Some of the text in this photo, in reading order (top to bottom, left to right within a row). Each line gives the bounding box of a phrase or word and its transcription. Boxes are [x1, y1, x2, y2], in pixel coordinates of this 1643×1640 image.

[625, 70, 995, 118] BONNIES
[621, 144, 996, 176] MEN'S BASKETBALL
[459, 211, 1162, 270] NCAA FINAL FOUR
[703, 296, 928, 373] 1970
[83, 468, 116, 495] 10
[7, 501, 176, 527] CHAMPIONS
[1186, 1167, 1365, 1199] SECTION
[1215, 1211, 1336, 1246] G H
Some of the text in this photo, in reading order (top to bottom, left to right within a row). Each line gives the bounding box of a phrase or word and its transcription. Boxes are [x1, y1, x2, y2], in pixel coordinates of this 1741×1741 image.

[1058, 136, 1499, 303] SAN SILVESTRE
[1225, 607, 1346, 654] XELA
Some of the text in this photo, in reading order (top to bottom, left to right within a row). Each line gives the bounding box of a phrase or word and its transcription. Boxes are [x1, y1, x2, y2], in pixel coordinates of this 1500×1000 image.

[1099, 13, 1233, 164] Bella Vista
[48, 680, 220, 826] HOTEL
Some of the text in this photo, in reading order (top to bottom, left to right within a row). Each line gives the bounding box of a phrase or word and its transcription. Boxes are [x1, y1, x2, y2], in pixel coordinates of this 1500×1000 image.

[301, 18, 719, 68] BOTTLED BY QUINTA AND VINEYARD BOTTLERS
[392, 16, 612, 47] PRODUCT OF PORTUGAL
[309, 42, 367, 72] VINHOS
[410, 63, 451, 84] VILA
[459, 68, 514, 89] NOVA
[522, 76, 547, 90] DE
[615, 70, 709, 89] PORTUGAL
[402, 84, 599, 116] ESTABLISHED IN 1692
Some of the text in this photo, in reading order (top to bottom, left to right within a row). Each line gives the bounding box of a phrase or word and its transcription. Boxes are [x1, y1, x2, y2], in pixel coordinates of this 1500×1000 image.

* PROBLEM DESCRIPTION
The material must be duplicated in full, with each line kept exact.

* EXERCISE RESPONSE
Some of the text in this photo, in reading order (top to bottom, left to right within a row). Each line gives the bounding box of a phrase or word and its transcription. Boxes are [x1, y1, x2, y2], in pixel coordinates of this 1643×1640 image.

[625, 70, 995, 118] BONNIES
[621, 144, 996, 176] MEN'S BASKETBALL
[459, 211, 1162, 270] NCAA FINAL FOUR
[703, 296, 928, 373] 1970
[83, 468, 116, 495] 10
[7, 501, 176, 527] CHAMPIONS
[1186, 1167, 1365, 1199] SECTION
[1215, 1211, 1336, 1246] G H
Some of the text in this photo, in reading order (top to bottom, left to right within a row). Each line gives the bounding box of a phrase or word and its transcription. Boxes are [x1, y1, x2, y2], in pixel coordinates of this 1741×1741 image.

[1058, 136, 1499, 303] SAN SILVESTRE
[1225, 607, 1346, 654] XELA
Some of the text in this photo, in reading order (top to bottom, left to right within a row). Each line gives the bounding box of a phrase or word and its transcription. Boxes are [x1, y1, x2, y2], in pixel coordinates of this 1500×1000 image.

[1099, 13, 1233, 164] Bella Vista
[48, 680, 220, 826] HOTEL
Some of the text in this photo, in reading order (top to bottom, left to right within a row). Each line gives the bounding box of a phrase or word and its transcription. Boxes are [x1, y1, x2, y2], in pixel coordinates of this 1500×1000 image.

[301, 18, 719, 68] BOTTLED BY QUINTA AND VINEYARD BOTTLERS
[392, 16, 612, 47] PRODUCT OF PORTUGAL
[309, 42, 367, 72] VINHOS
[410, 63, 451, 84] VILA
[459, 68, 514, 89] NOVA
[522, 76, 547, 90] DE
[615, 70, 709, 89] PORTUGAL
[402, 84, 599, 116] ESTABLISHED IN 1692
Some of the text in this photo, in reading order (top to bottom, left to right within a row). Each line gives the bounding box of a phrase or word and its transcription. Boxes are [x1, y1, x2, y2], in pixel coordinates of this 1500×1000 image.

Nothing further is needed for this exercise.